EXTRACTED INFORMATION: Begin

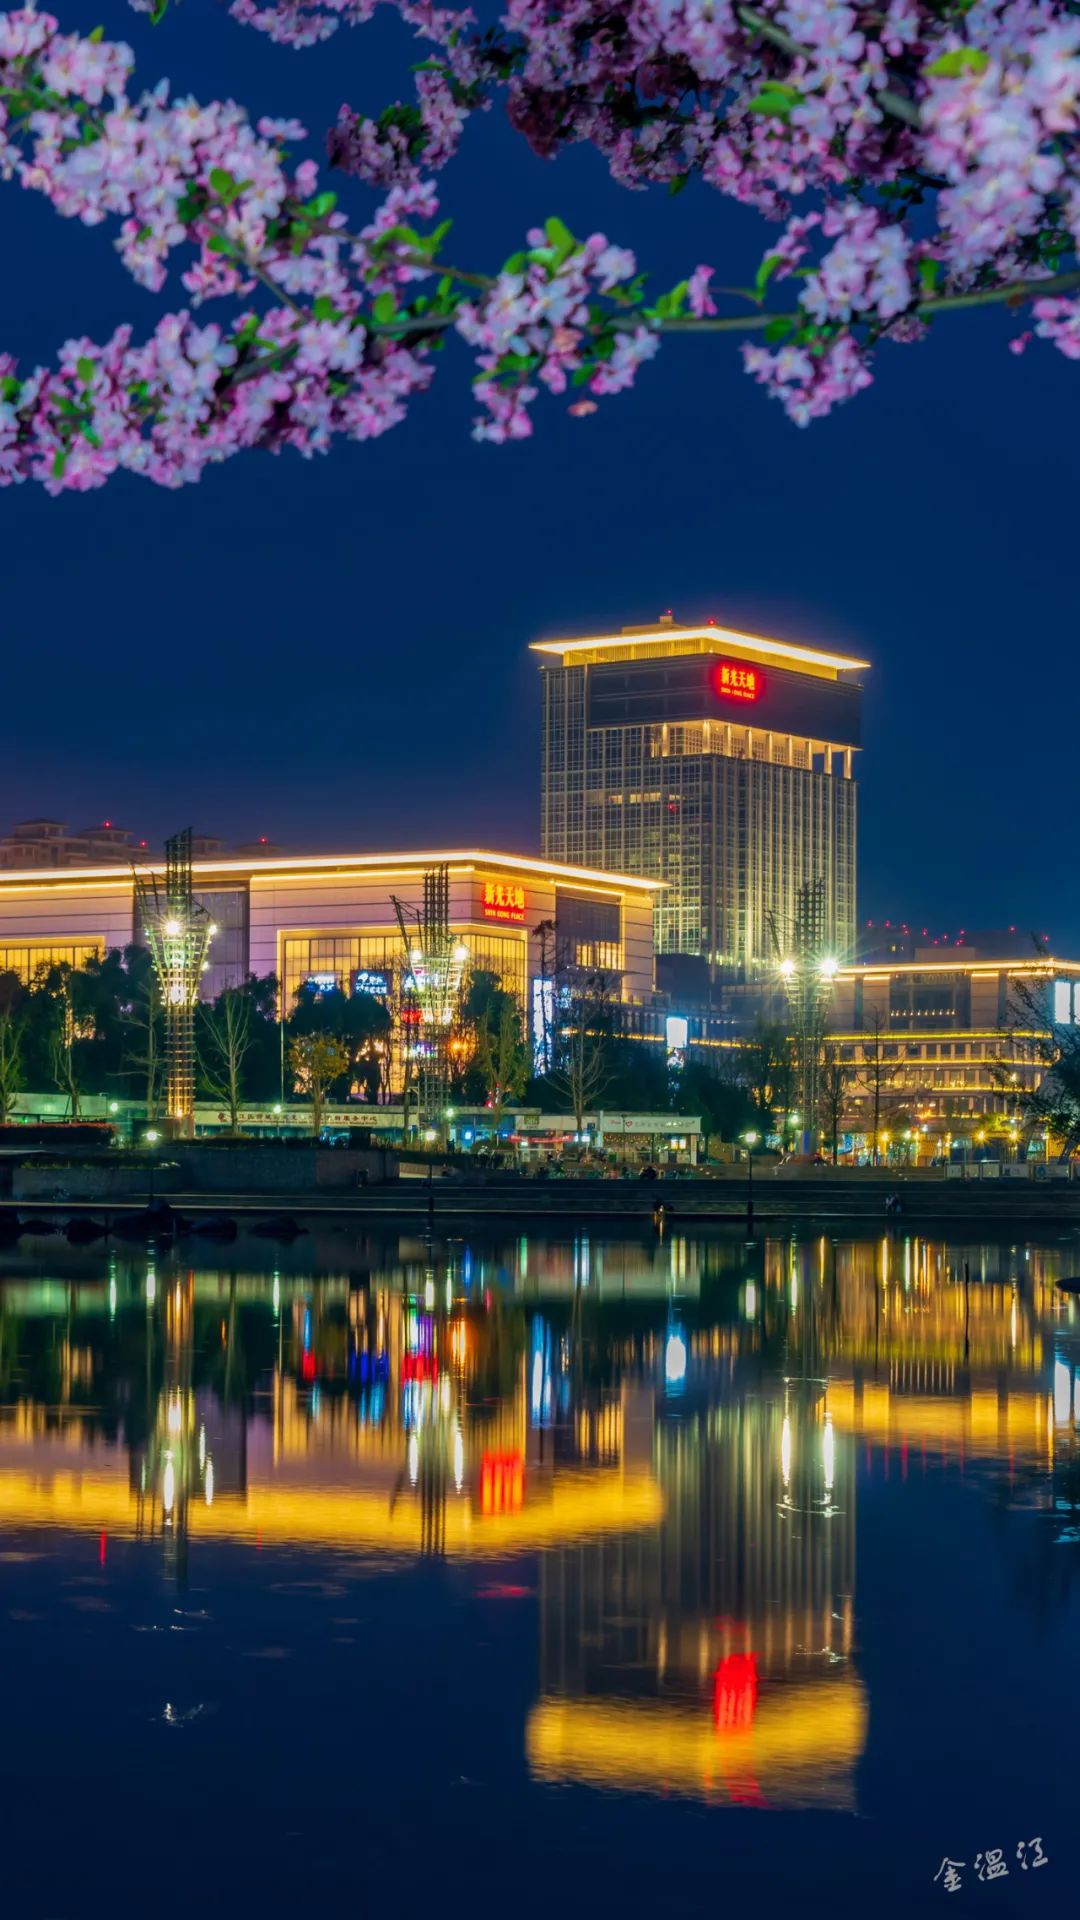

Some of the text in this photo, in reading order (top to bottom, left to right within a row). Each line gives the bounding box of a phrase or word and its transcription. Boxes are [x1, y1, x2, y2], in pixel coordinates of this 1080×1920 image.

[721, 666, 755, 690] 新光天地
[484, 882, 525, 909] 新光天地
[511, 912, 525, 920] PLACE
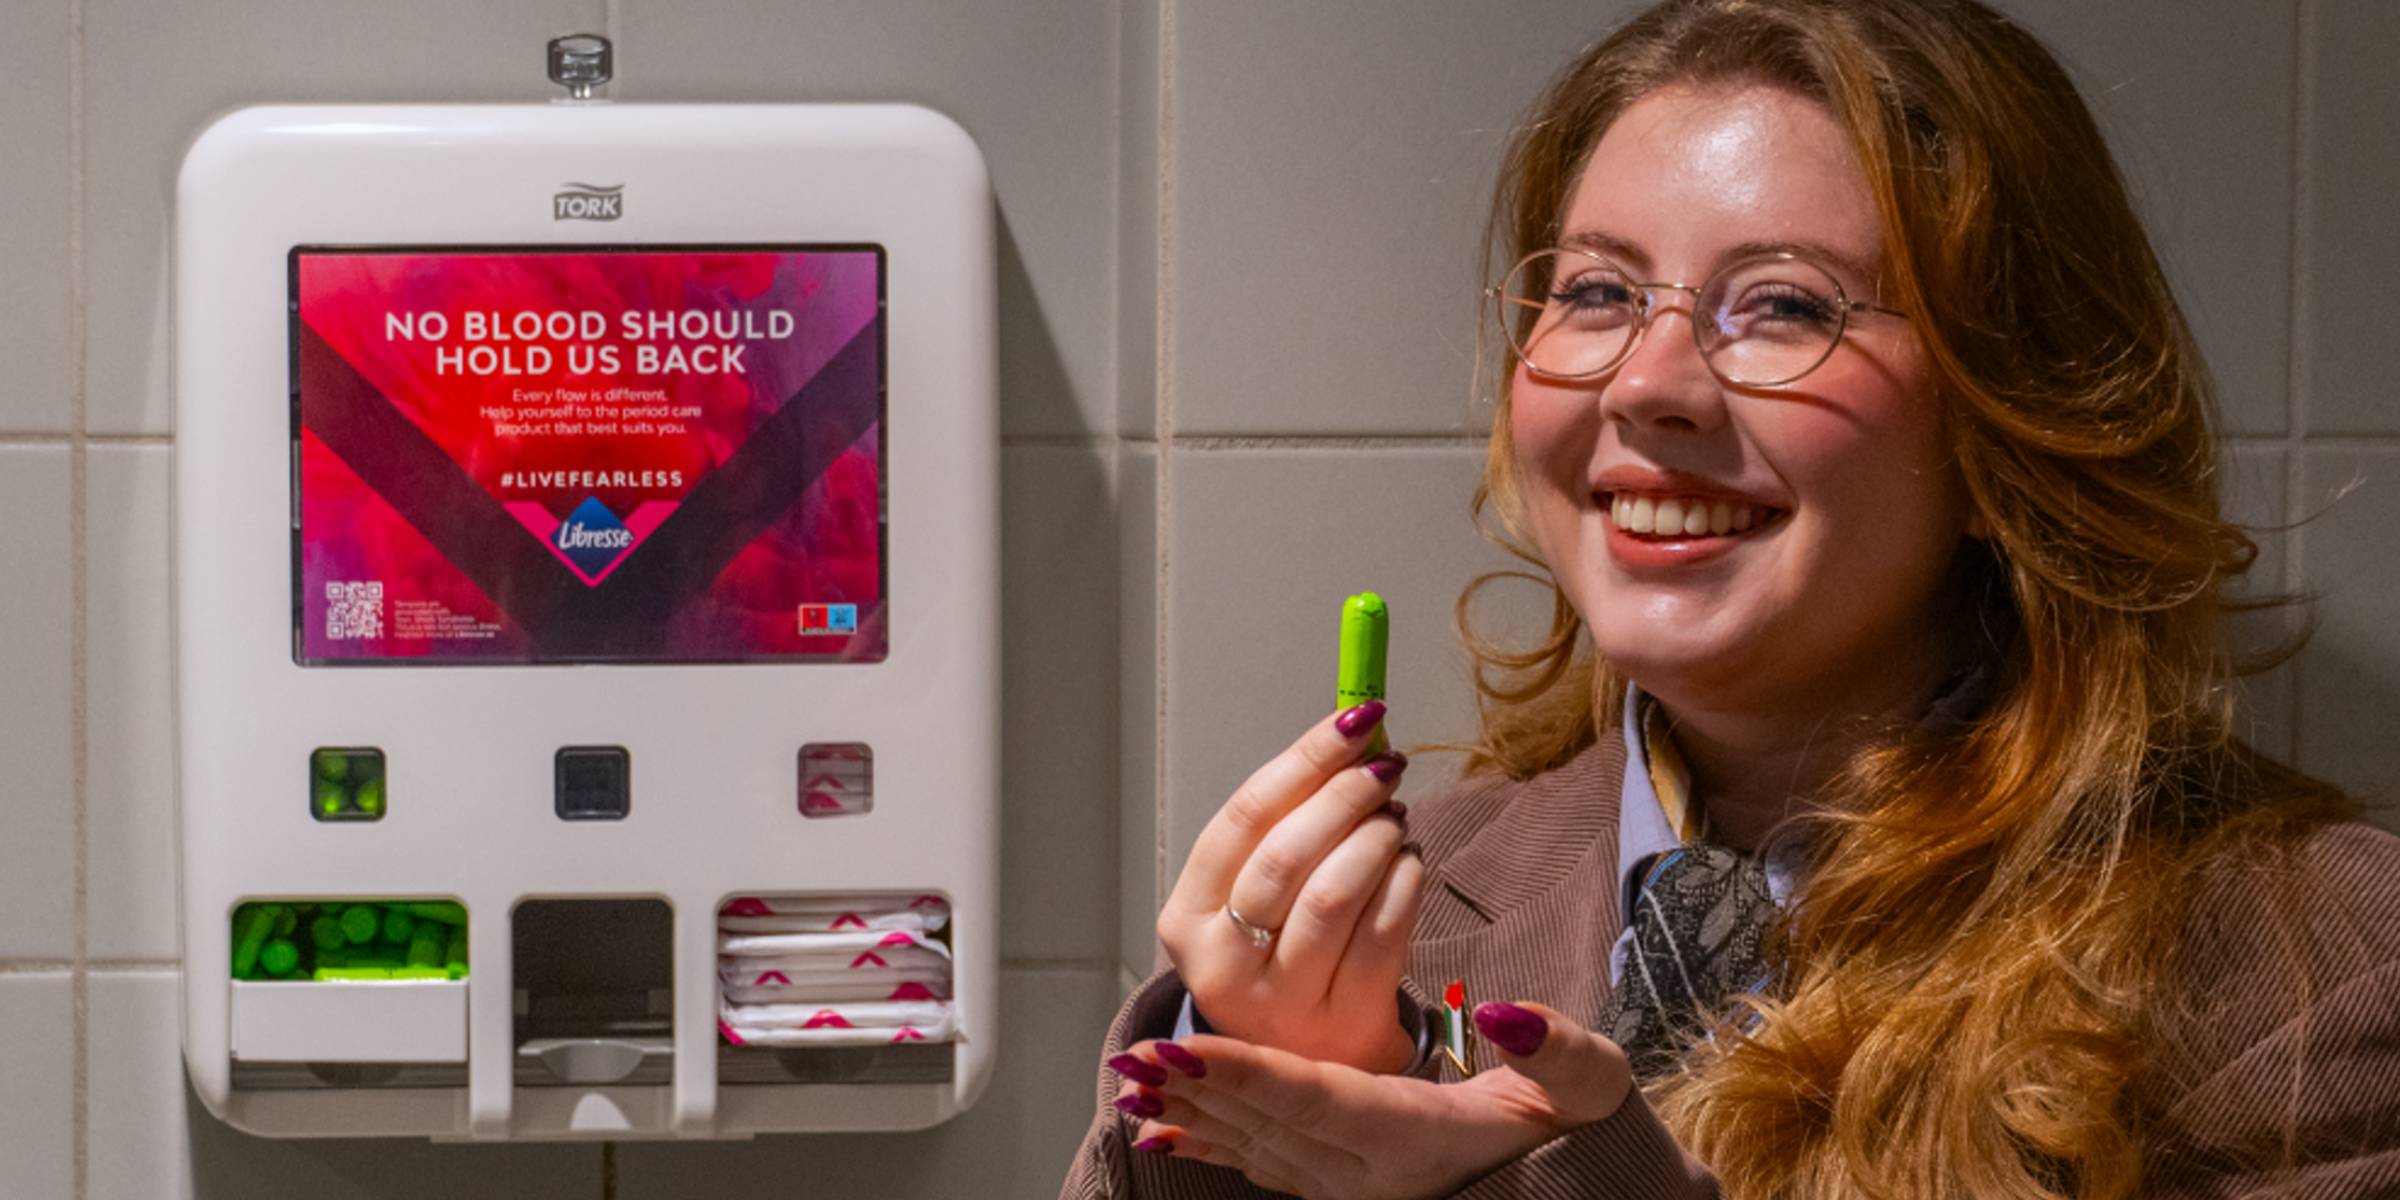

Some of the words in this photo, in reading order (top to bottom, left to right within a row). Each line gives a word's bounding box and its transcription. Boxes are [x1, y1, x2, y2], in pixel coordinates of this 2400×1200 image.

[557, 197, 618, 217] TORK
[385, 311, 448, 341] NO
[464, 311, 607, 340] BLOOD
[622, 310, 795, 339] SHOULD
[436, 346, 552, 375] HOLD
[568, 346, 621, 374] US
[636, 345, 747, 374] BACK
[512, 389, 552, 404] Every
[556, 388, 587, 401] flow
[591, 388, 601, 401] is
[604, 388, 668, 401] different.
[480, 406, 514, 419] Help
[518, 405, 574, 420] yourself
[576, 406, 592, 417] to
[595, 405, 619, 418] the
[622, 405, 668, 419] period
[671, 408, 702, 417] care
[494, 422, 550, 437] product
[554, 422, 583, 434] that
[586, 422, 617, 434] best
[622, 421, 653, 433] suits
[657, 424, 686, 436] you.
[501, 471, 683, 487] #LIVEFEARLESS
[558, 521, 631, 550] Libresse

EXTRACTED INFORMATION: End

> _ACTIVITY_:
Using the material above, return every line exactly as it appears, minus the pictures.

> _SOLUTION BELOW_:
Some of the text in this photo, in reading order (top to bottom, left to right within a row). Each line gives the bounding box of a phrase or word and its transcription. Boxes are [x1, y1, x2, y2], in pixel coordinates of this 1080×1920 image.

[721, 666, 755, 690] 新光天地
[484, 882, 525, 909] 新光天地
[511, 912, 525, 920] PLACE

Some of the words in this photo, in reading order (top to bottom, left to right within a row). Each line gives a word's bounding box and its transcription. Boxes are [x1, y1, x2, y2], in pixel coordinates of this 2400×1200 image.

[557, 197, 618, 217] TORK
[385, 311, 448, 341] NO
[464, 311, 607, 340] BLOOD
[622, 310, 795, 339] SHOULD
[436, 346, 552, 375] HOLD
[568, 346, 621, 374] US
[636, 345, 747, 374] BACK
[512, 389, 552, 404] Every
[556, 388, 587, 401] flow
[591, 388, 601, 401] is
[604, 388, 668, 401] different.
[480, 406, 514, 419] Help
[518, 405, 574, 420] yourself
[576, 406, 592, 417] to
[595, 405, 619, 418] the
[622, 405, 668, 419] period
[671, 408, 702, 417] care
[494, 422, 550, 437] product
[554, 422, 583, 434] that
[586, 422, 617, 434] best
[622, 421, 653, 433] suits
[657, 424, 686, 436] you.
[501, 471, 683, 487] #LIVEFEARLESS
[558, 521, 631, 550] Libresse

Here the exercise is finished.